Kitzmiller (2005) Forest Science発掘

2007-12-18 | 研究ノート
・今年度は、27日から店じまいの予定である。ということで、考えてみれば、職場に来るのは、あと4日しかない。あたふたと、出張命令とか年末の休暇届など、事務的処理を済ませる。

・再び標高別の関連論文集めを行う。coniferとelevationとcommon gardenなどで検索するよりも、coniferの代わりにpinusとかabiesといった属名を入れた方がうまくヒットすることが分かった。seed transferなどで探してみると、標高域で種子配布区域を制限した方がいいとする考え方はアメリカやヨーロッパではかなり古くからあるらしいことが分かってきた。

・集めた論文の中では、Kitzmiller(2005)によるポンデロサマツの産地試験に関する論文が参考になりそうだ。場所は北カリフォルニアのシエラネバダ山脈で低標高(といっても1000m)と高標高(1500m)の2サイトで、いくつかの地域や標高域を含んだ17産地によるProvenance試験を行っている。低標高では自生苗がいいパフォーマンスを示すが、高標高域ではむしろ移植苗の方がいいパフォーマンスを示している。

・トドマツでは低標高でも高標高でもいずれも自生苗がいいパフォーマンスを示しているので、結果としては逆である。頭で考える限りでは、高標高域こそ自然選択が厳しいので、自生苗の有利性が発揮されそうなものなんだが、カリフォルニア全体がマイルドだからなのであろうか・・・。この論文の最後では、種子配布区域について考察を行っているのだが、高標高サイトにおける移植苗のパフォーマンスの良さからか、少々、どっちつかずの結論となっている。

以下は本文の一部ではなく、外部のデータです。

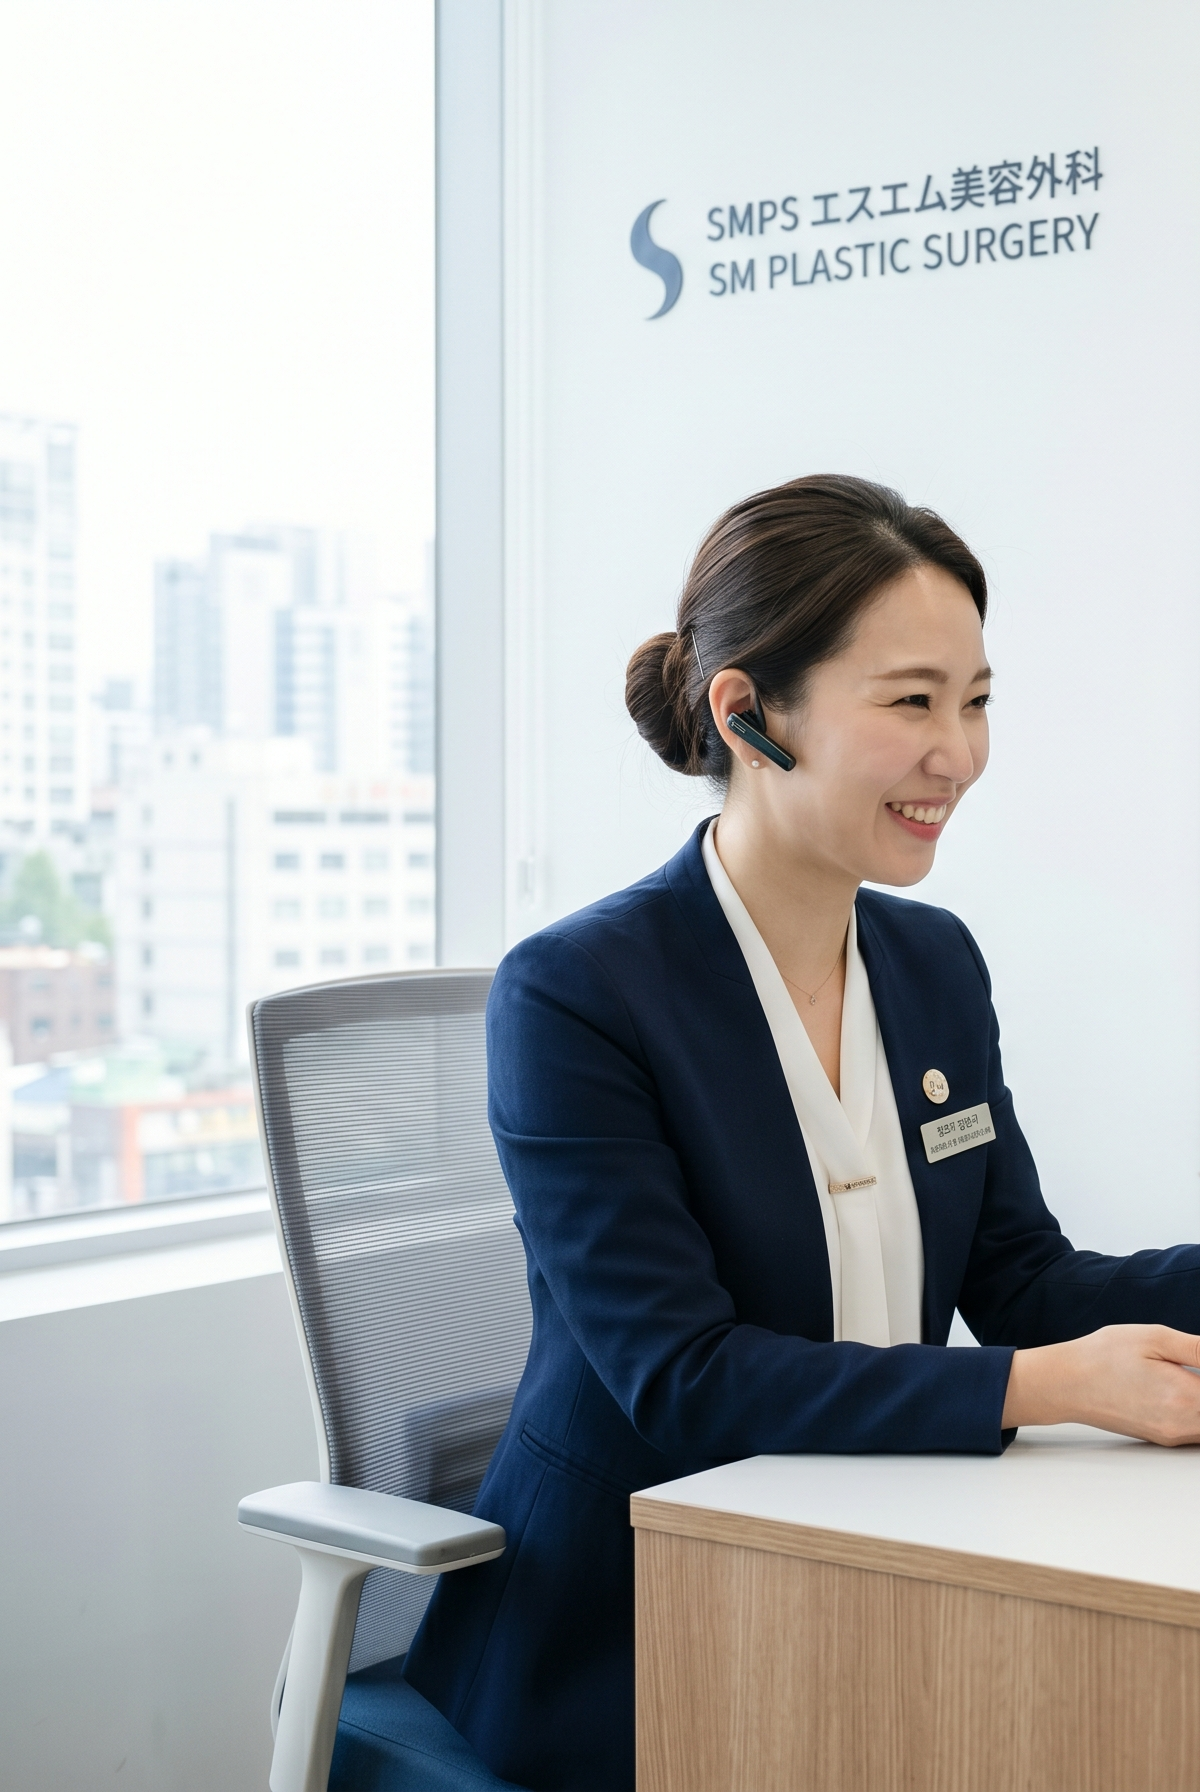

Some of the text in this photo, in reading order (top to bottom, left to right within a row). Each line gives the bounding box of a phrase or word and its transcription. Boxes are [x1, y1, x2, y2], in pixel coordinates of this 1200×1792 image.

[706, 146, 1104, 241] SMPS エスエム美容外科
[709, 212, 1100, 296] SM PLASTIC SURGERY

・論文のイントロでは、種子配布区域と標高の関係に切り込んだ先行研究も紹介されており、非常に参考になりそうである。北カリフォルニアの場合、緯度よりも標高の方がより厳しい種子配布区域を設定すべきという考えがあるそうで、ポリシーとして地理的距離で80kmなのに対して、標高では152mでゾーニングするというポリシーが一般的となっている(現実的には守られていない、のか??)。ともかく、かなり詳しい種子配布区域のマップも掲載されており、各国の事情の違いが分かって面白い。

・この論文の考察では、低標高のサイトでは早期(5年生)のパフォーマンスと25年目の結果は非常に相関が高かったが、高標高では5-12年生の結果と25年生の樹高成長はかなり異なり、20年生と25年生では似ていたことから、20年以上の長期研究が必要だという結論が導かれている。これは、トドマツ標高別でも使えそうなロジックである。この原著となっているConkle(1973)Forest Scienceの古い論文も集める必要があるねえ、これは・・・。